[Data extracted from a collection]

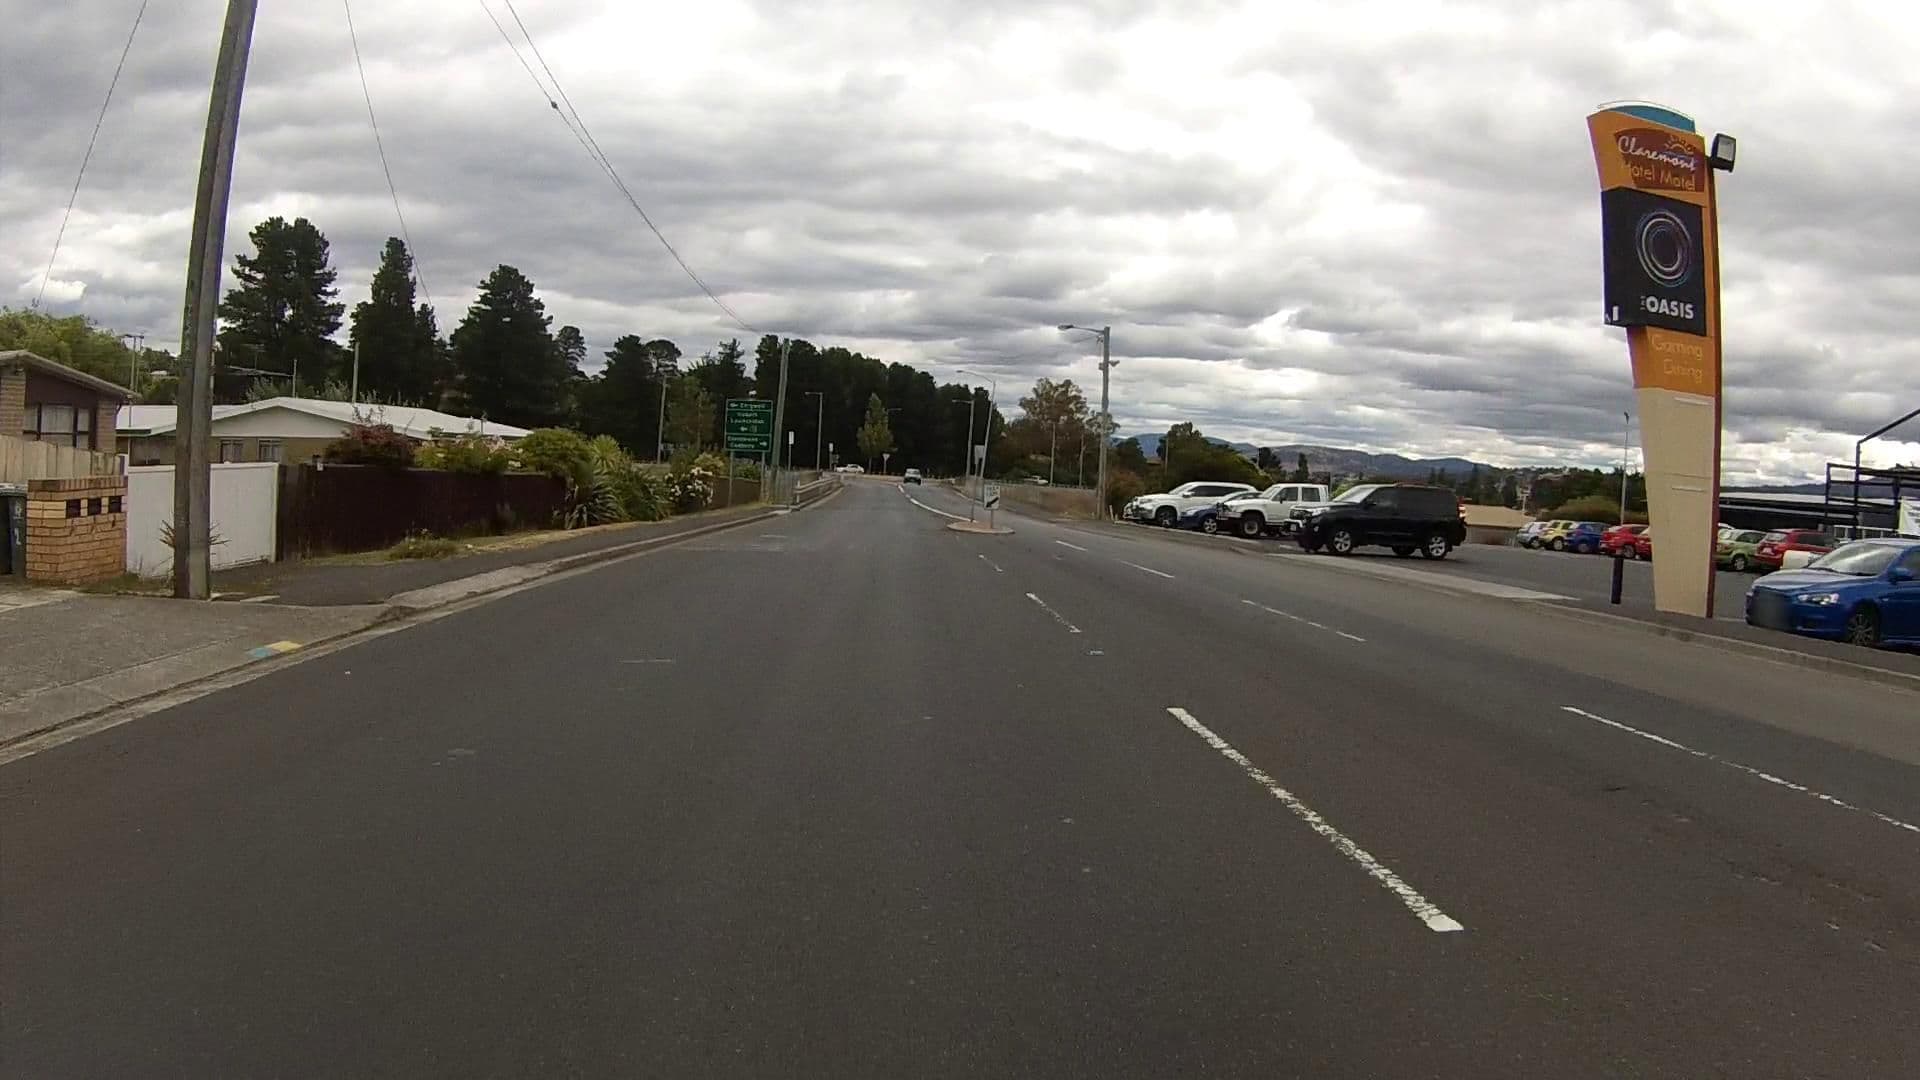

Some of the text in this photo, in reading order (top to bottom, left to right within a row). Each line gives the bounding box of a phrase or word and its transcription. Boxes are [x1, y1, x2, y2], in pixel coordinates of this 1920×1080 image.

[1618, 136, 1697, 171] Claremont
[1620, 156, 1696, 191] Hotel Motel
[1646, 295, 1694, 319] OASIS
[1651, 333, 1703, 361] Gaming
[1663, 358, 1703, 384] Dining
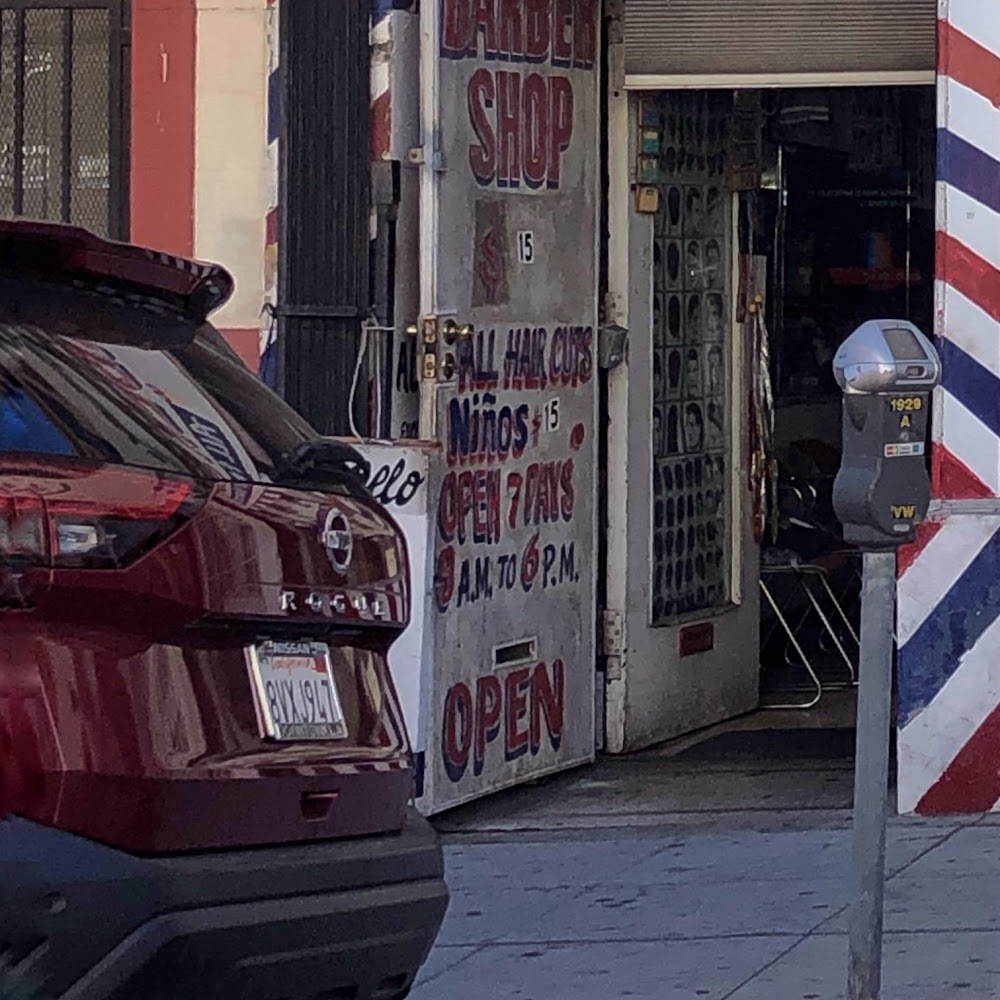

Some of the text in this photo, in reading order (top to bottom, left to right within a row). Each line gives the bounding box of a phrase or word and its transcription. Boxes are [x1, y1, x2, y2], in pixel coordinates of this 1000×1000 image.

[467, 67, 574, 190] SHOP
[519, 232, 533, 262] 15
[545, 402, 558, 431] 15
[439, 469, 501, 545] OPEN
[507, 472, 523, 529] 7
[498, 553, 517, 590] TO
[521, 532, 540, 592] 6
[543, 541, 579, 589] P.M.
[281, 590, 386, 616] ROGUE
[441, 658, 564, 783] OPEN
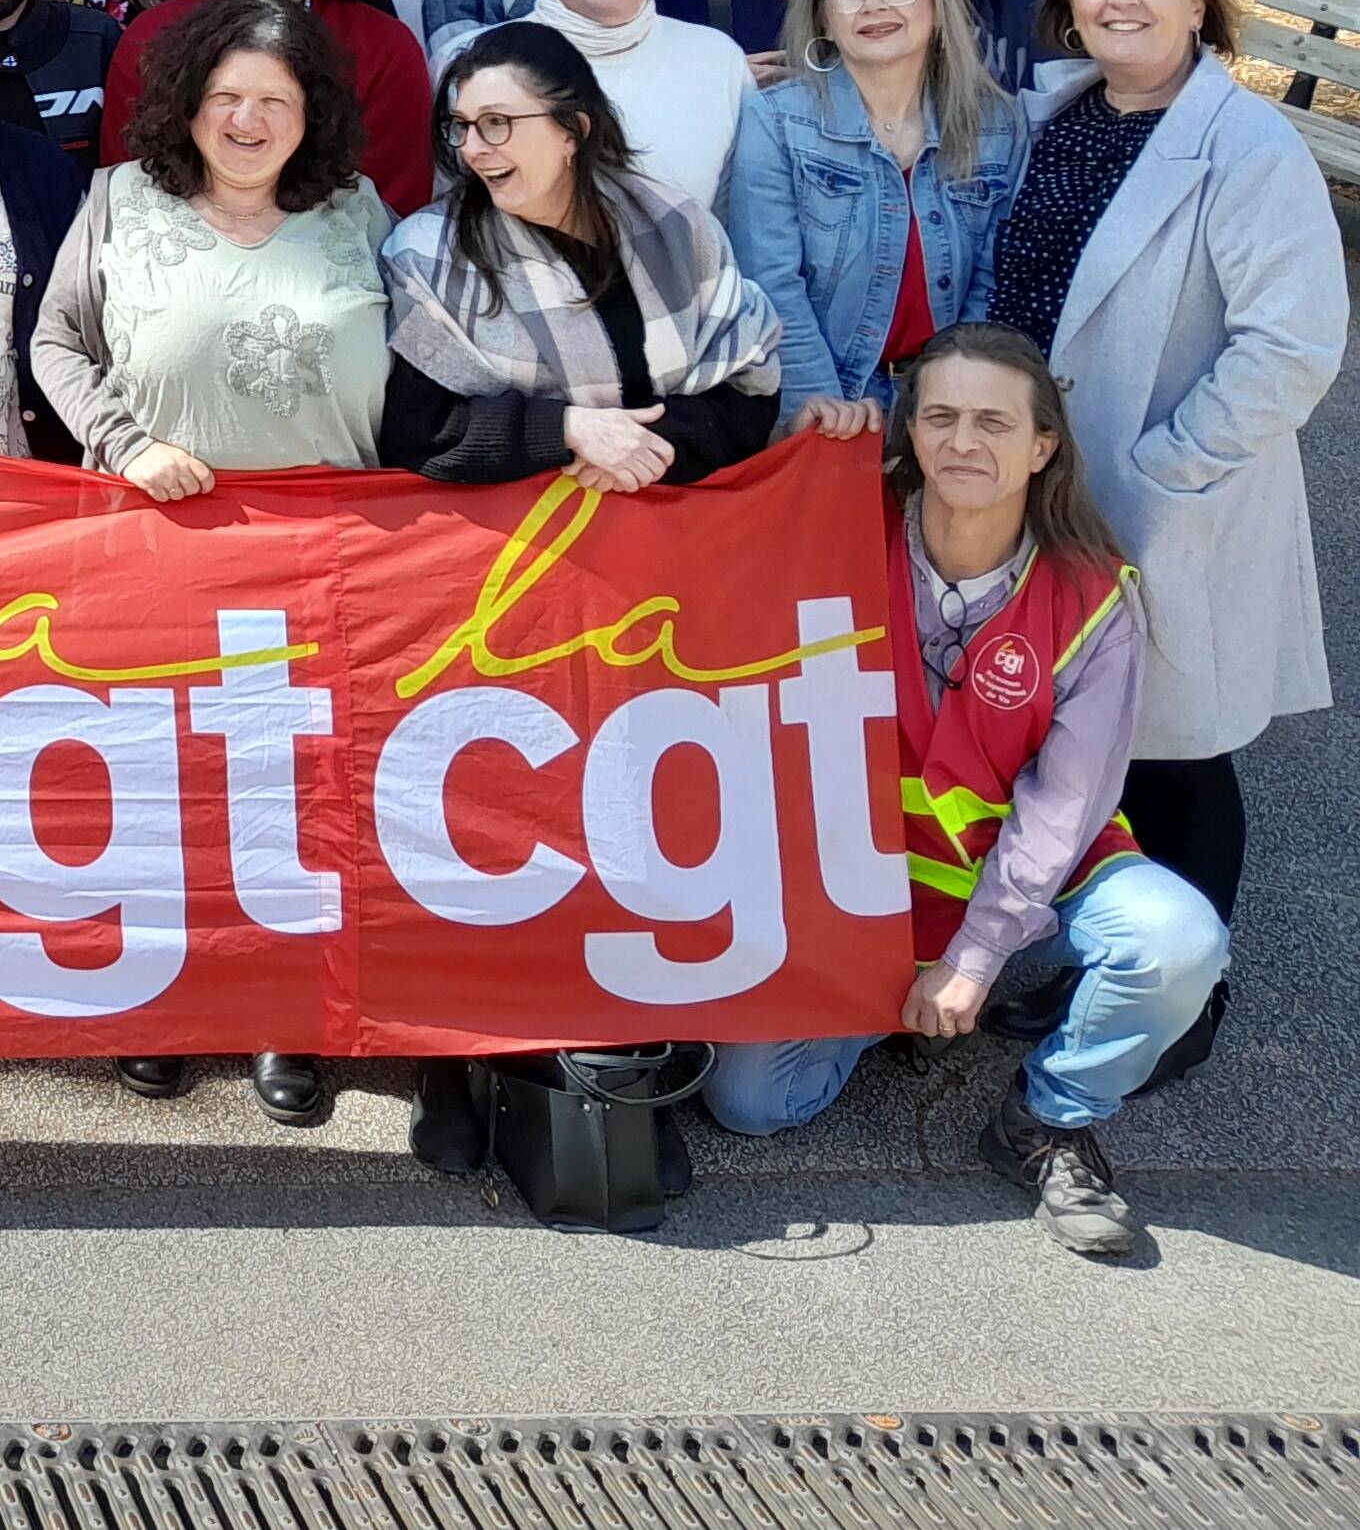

WHAT YOU ARE ASKED TO DO:
Needed here is only the span from the line with "this 1000×1000 image." through the last line of the entries, copied exactly with both ends and without pictures.

TASK ANSWER:
Some of the text in this photo, in reading order (top to bottom, left to right within a row). Each line gives the bounding box of a phrase or word and its transcription. Boxes are [x1, y1, x2, y2], in pixel coordinates of this 1000×1000 image.

[467, 67, 574, 190] SHOP
[519, 232, 533, 262] 15
[545, 402, 558, 431] 15
[439, 469, 501, 545] OPEN
[507, 472, 523, 529] 7
[498, 553, 517, 590] TO
[521, 532, 540, 592] 6
[543, 541, 579, 589] P.M.
[281, 590, 386, 616] ROGUE
[441, 658, 564, 783] OPEN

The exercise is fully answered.